“In November, the president signed the Justice Department appropriations bill, which included language… prohibiting federal agencies from facilitating the transfer of an operable firearm to an individual known or suspected to be in a drug cartel, unless they monitor the weapon at all times,” Miller writes.
“Now Mr. Obama is proposing to remove that provision from the 2013 spending bill, thus making it legal to revive gun-walking operations in the future” she reports.
That the administration claims the provision is “not needed” is hardly credible, and to do so under the rationale of “complete confidence” in Attorney General Eric Holder’s Justice Department appears to be a slap in the face not only to Congressional investigators, but to all interested in holding those responsible for gun walking accountable.
Where this information came from is not made clear by the article. Per “General Provisions, Department of Justice” in the Fiscal 2013 Appendix Budget, posted on the White House website:
SEC. 219. None of the funds made available under this Act, other than for the national instant criminal background check system established under section 103 of the Brady Handgun Violence Prevention Act, may be used by a Federal law enforcement officer to facilitate the transfer of an operable firearm to an individual if the Federal law enforcement officer knows or suspects that the individual is an agent of a drug cartel, unless law enforcement personnel of the United States continuously monitor or control the firearm at all times.
This would appear to be unchanged language from Sec. 218 in the 2012 budget.
Miller also warns the administration is once more seeking to destroy surplus M1 rifles and ammunition casings.
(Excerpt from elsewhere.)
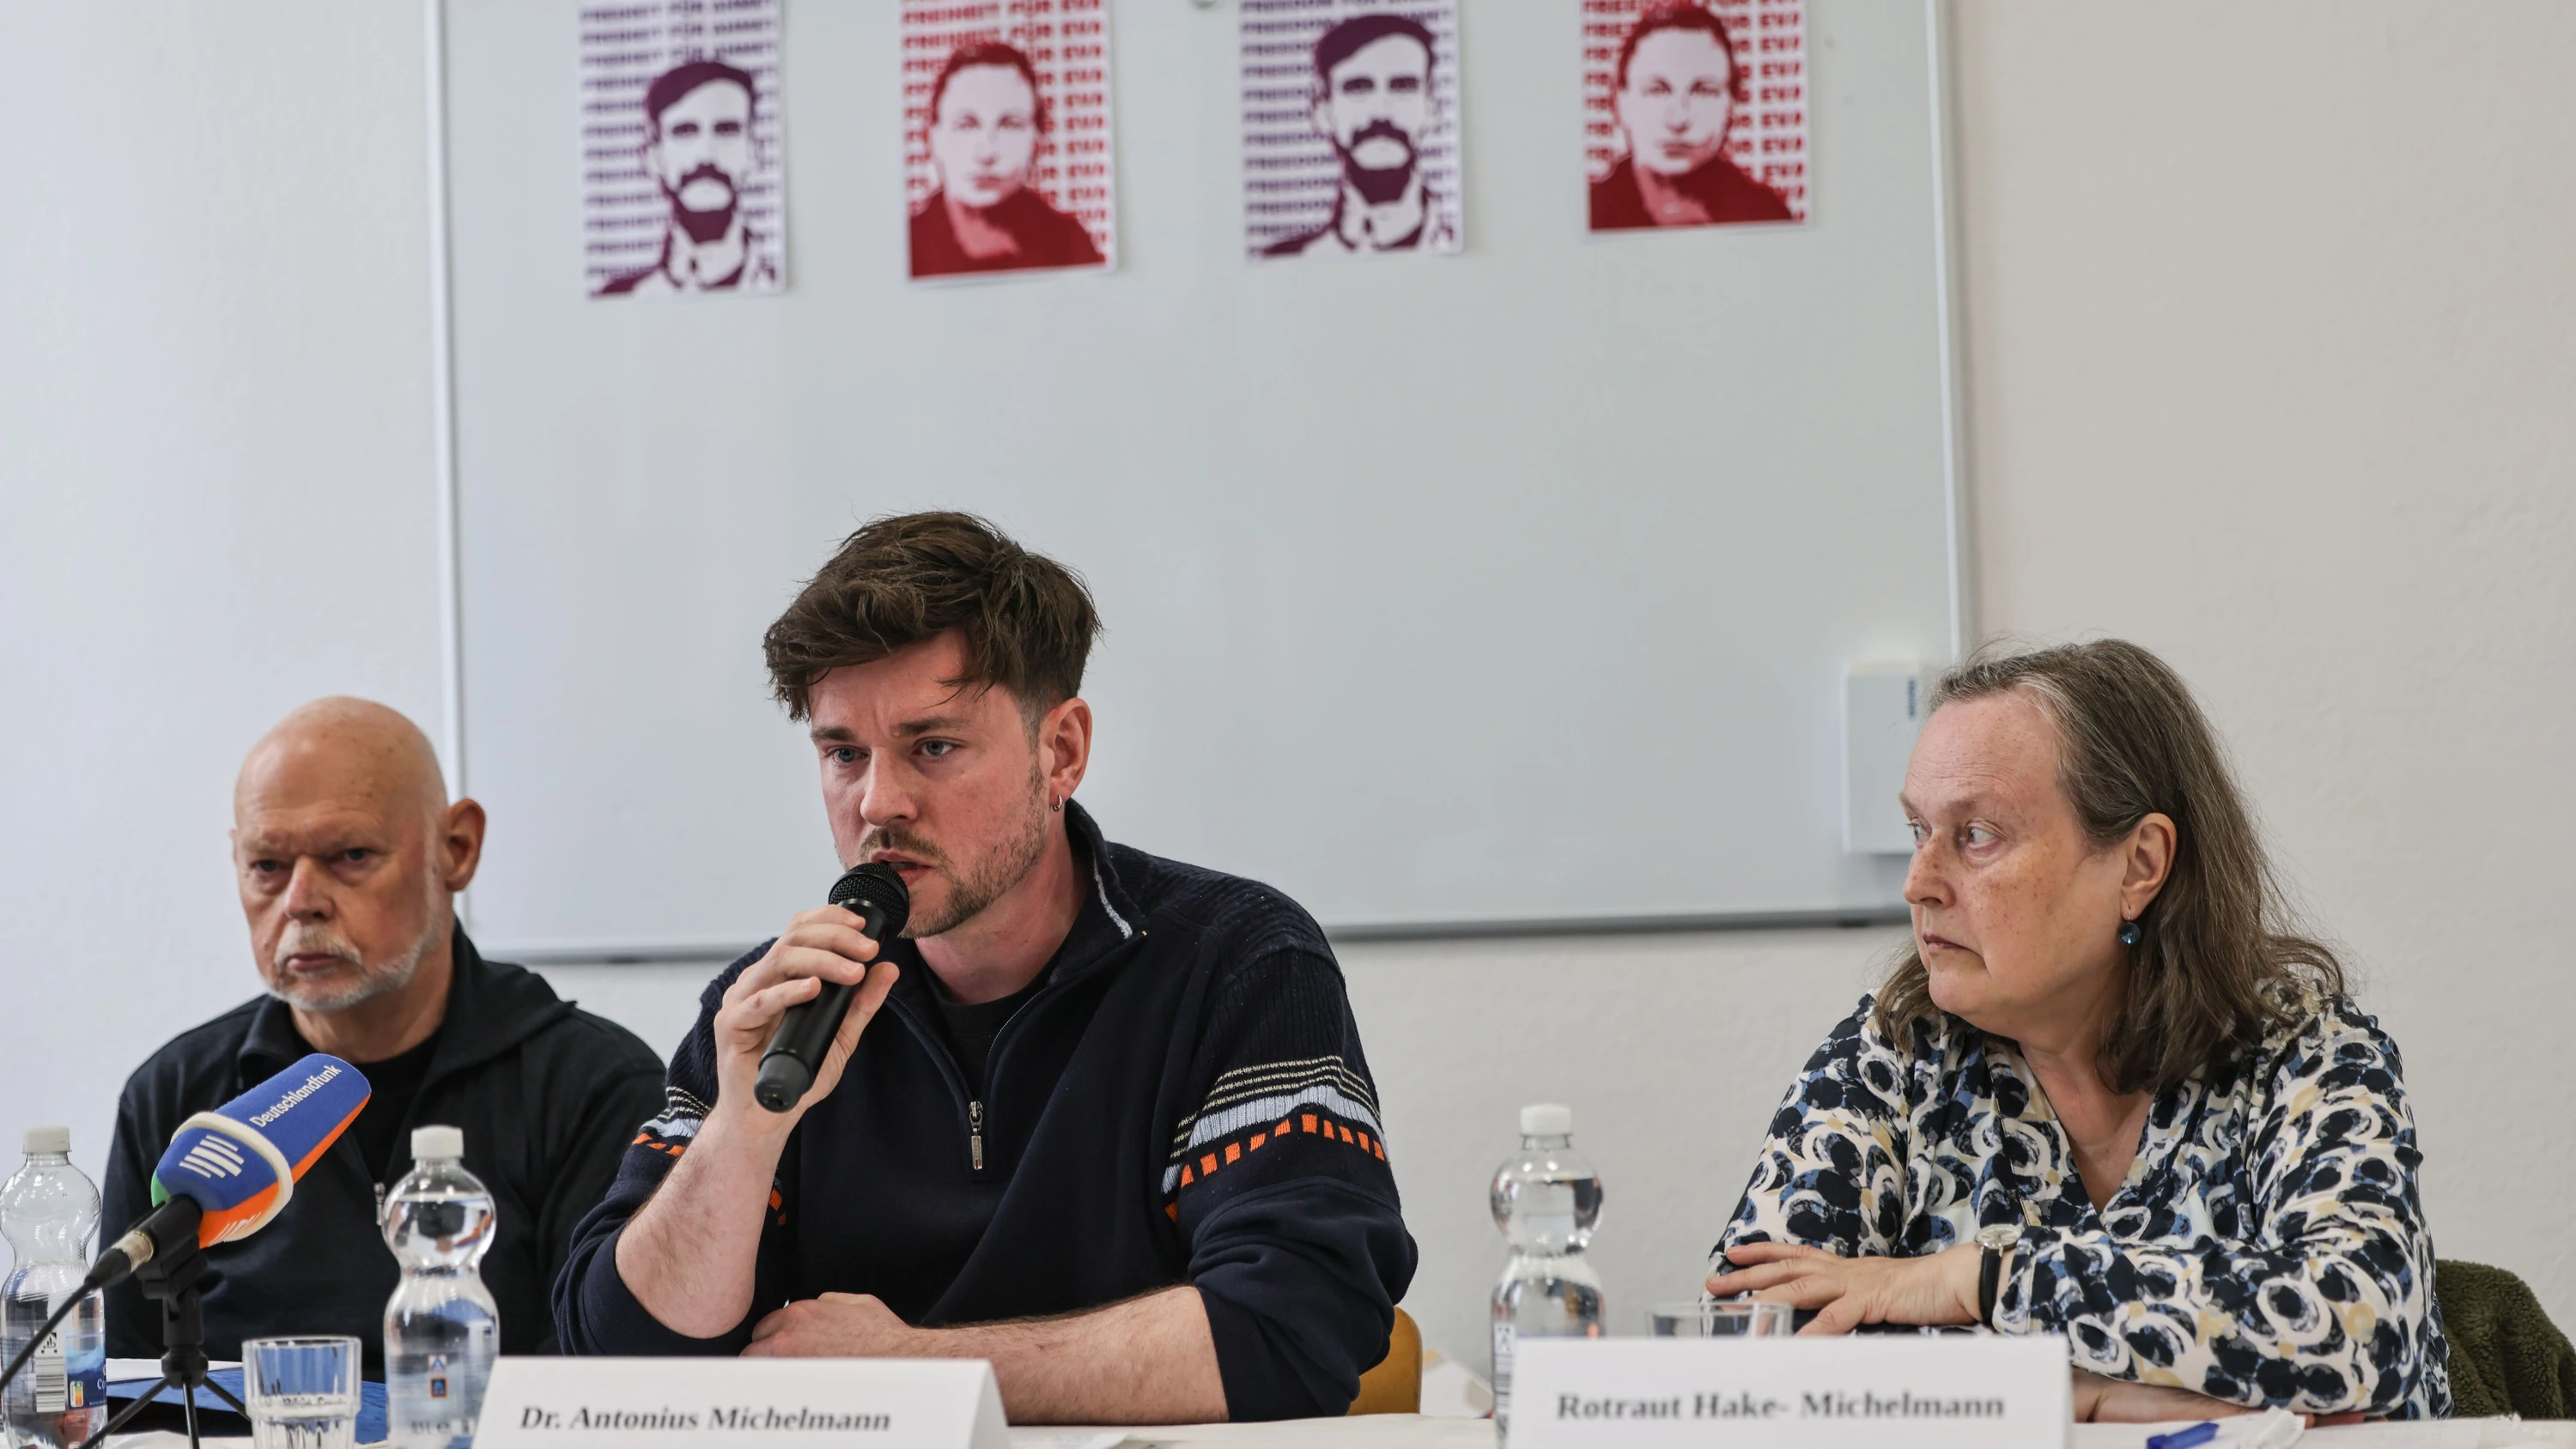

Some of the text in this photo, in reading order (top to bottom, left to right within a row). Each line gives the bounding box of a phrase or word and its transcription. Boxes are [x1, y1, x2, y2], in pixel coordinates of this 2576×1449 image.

[249, 1065, 342, 1127] Deutschlandfunk
[519, 1406, 890, 1430] Dr. Antonius Michelmann
[1557, 1391, 2005, 1418] Rotraut Hake- Michelmann
Longtime Gun Rights Examiner readers will recall the administration attempting to block the import of surplus rifles and to mutilate surplus brass.
However, again, from the Appendix, we see:
SEC. 8017. None of the funds available to the Department of Defense may be used to demilitarize or dispose of M-1 Carbines, M-1 Garand rifles, M-14 rifles, .22 caliber rifles, .30 caliber rifles, or M-1911 pistols, or to demilitarize or destroy small arms ammunition or ammunition components that are not otherwise prohibited from commercial sale under Federal law, unless the small arms ammunition or ammunition components are certified by the Secretary of the Army or designee as unserviceable or unsafe for further use.
Again, this appears unchanged.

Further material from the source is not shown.